▸ **Images for object localization**:
========
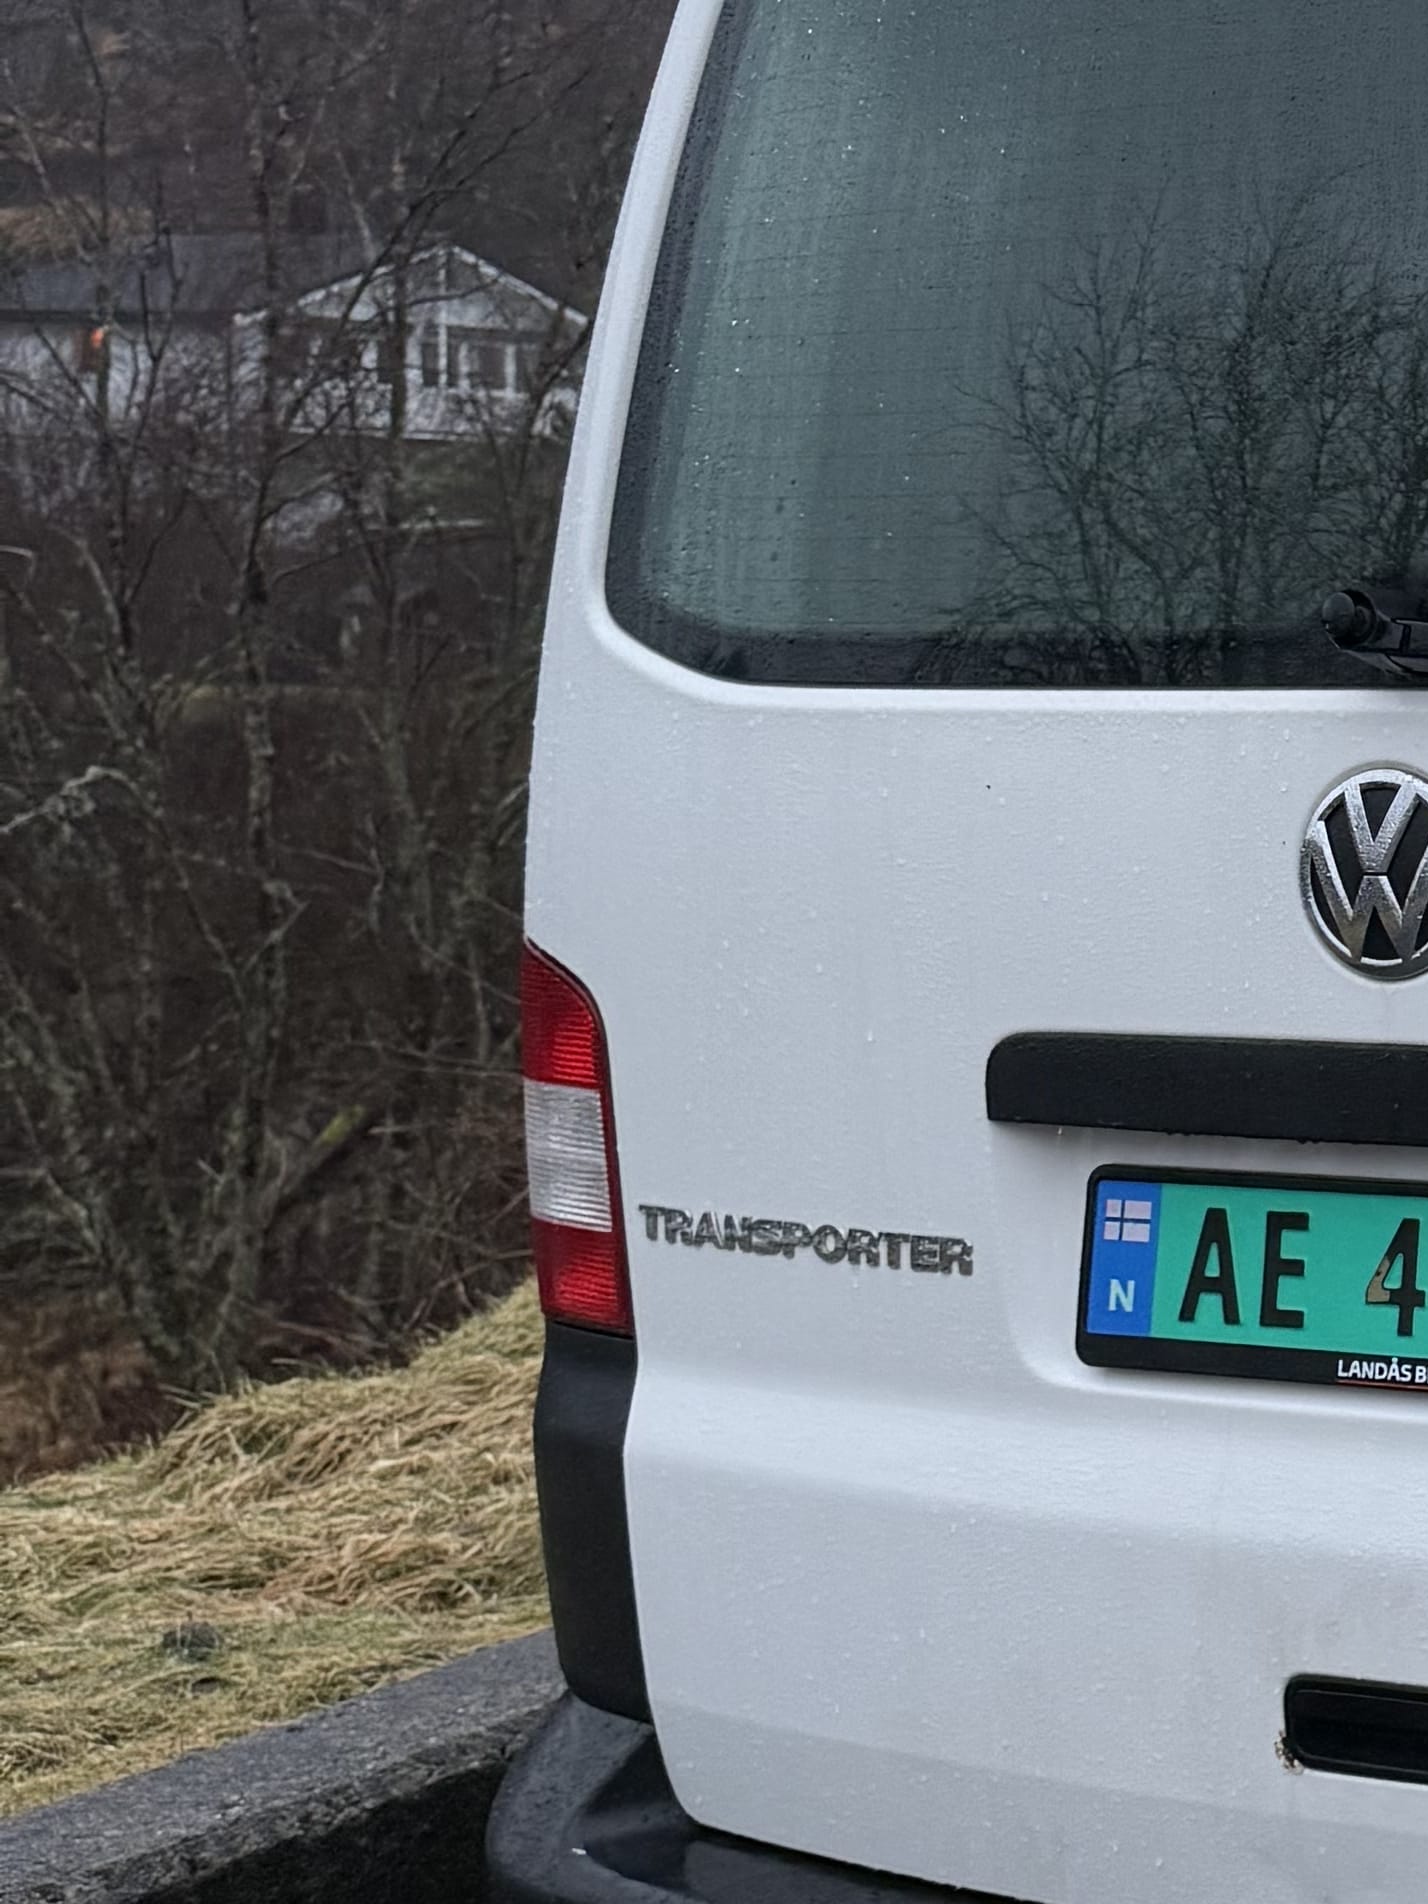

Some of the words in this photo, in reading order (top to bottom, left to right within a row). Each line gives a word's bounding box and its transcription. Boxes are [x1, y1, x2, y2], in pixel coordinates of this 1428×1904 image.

[638, 1203, 974, 1276] TRANSPORTER
[1178, 1206, 1310, 1328] AE
[1108, 1279, 1135, 1313] N
[1337, 1357, 1412, 1382] LANDÅS
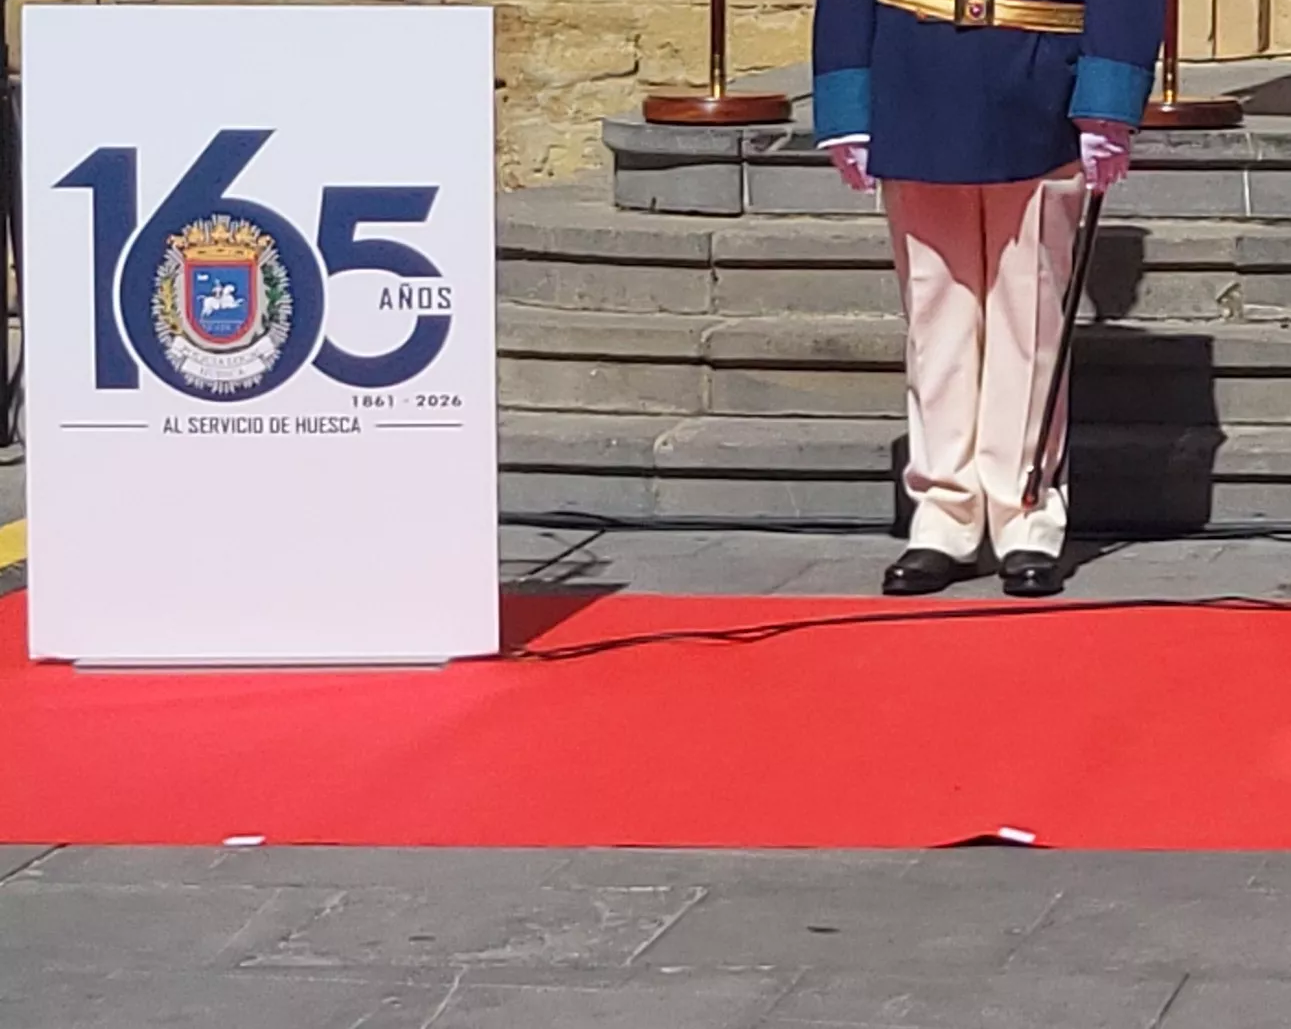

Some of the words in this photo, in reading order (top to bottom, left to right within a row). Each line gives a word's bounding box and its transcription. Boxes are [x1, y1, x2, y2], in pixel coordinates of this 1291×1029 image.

[50, 128, 454, 403] 165
[378, 282, 453, 311] AÑOS
[351, 394, 394, 409] 1861
[415, 394, 463, 408] 2026
[163, 417, 183, 435] AL
[187, 417, 264, 434] SERVICIO
[269, 417, 290, 434] DE
[295, 416, 361, 434] HUESCA
========
▸ **Exercise requirements**: Restate the data word for word, minus any images.

▸ **Your response**:
Some of the words in this photo, in reading order (top to bottom, left to right within a row). Each line gives a word's bounding box and its transcription. Boxes are [x1, y1, x2, y2], in pixel coordinates of this 1428×1904 image.

[638, 1203, 974, 1276] TRANSPORTER
[1178, 1206, 1310, 1328] AE
[1108, 1279, 1135, 1313] N
[1337, 1357, 1412, 1382] LANDÅS

Some of the words in this photo, in reading order (top to bottom, left to right within a row). Each line gives a word's bounding box and its transcription. Boxes are [x1, y1, x2, y2], in pixel coordinates of this 1291×1029 image.

[50, 128, 454, 403] 165
[378, 282, 453, 311] AÑOS
[351, 394, 394, 409] 1861
[415, 394, 463, 408] 2026
[163, 417, 183, 435] AL
[187, 417, 264, 434] SERVICIO
[269, 417, 290, 434] DE
[295, 416, 361, 434] HUESCA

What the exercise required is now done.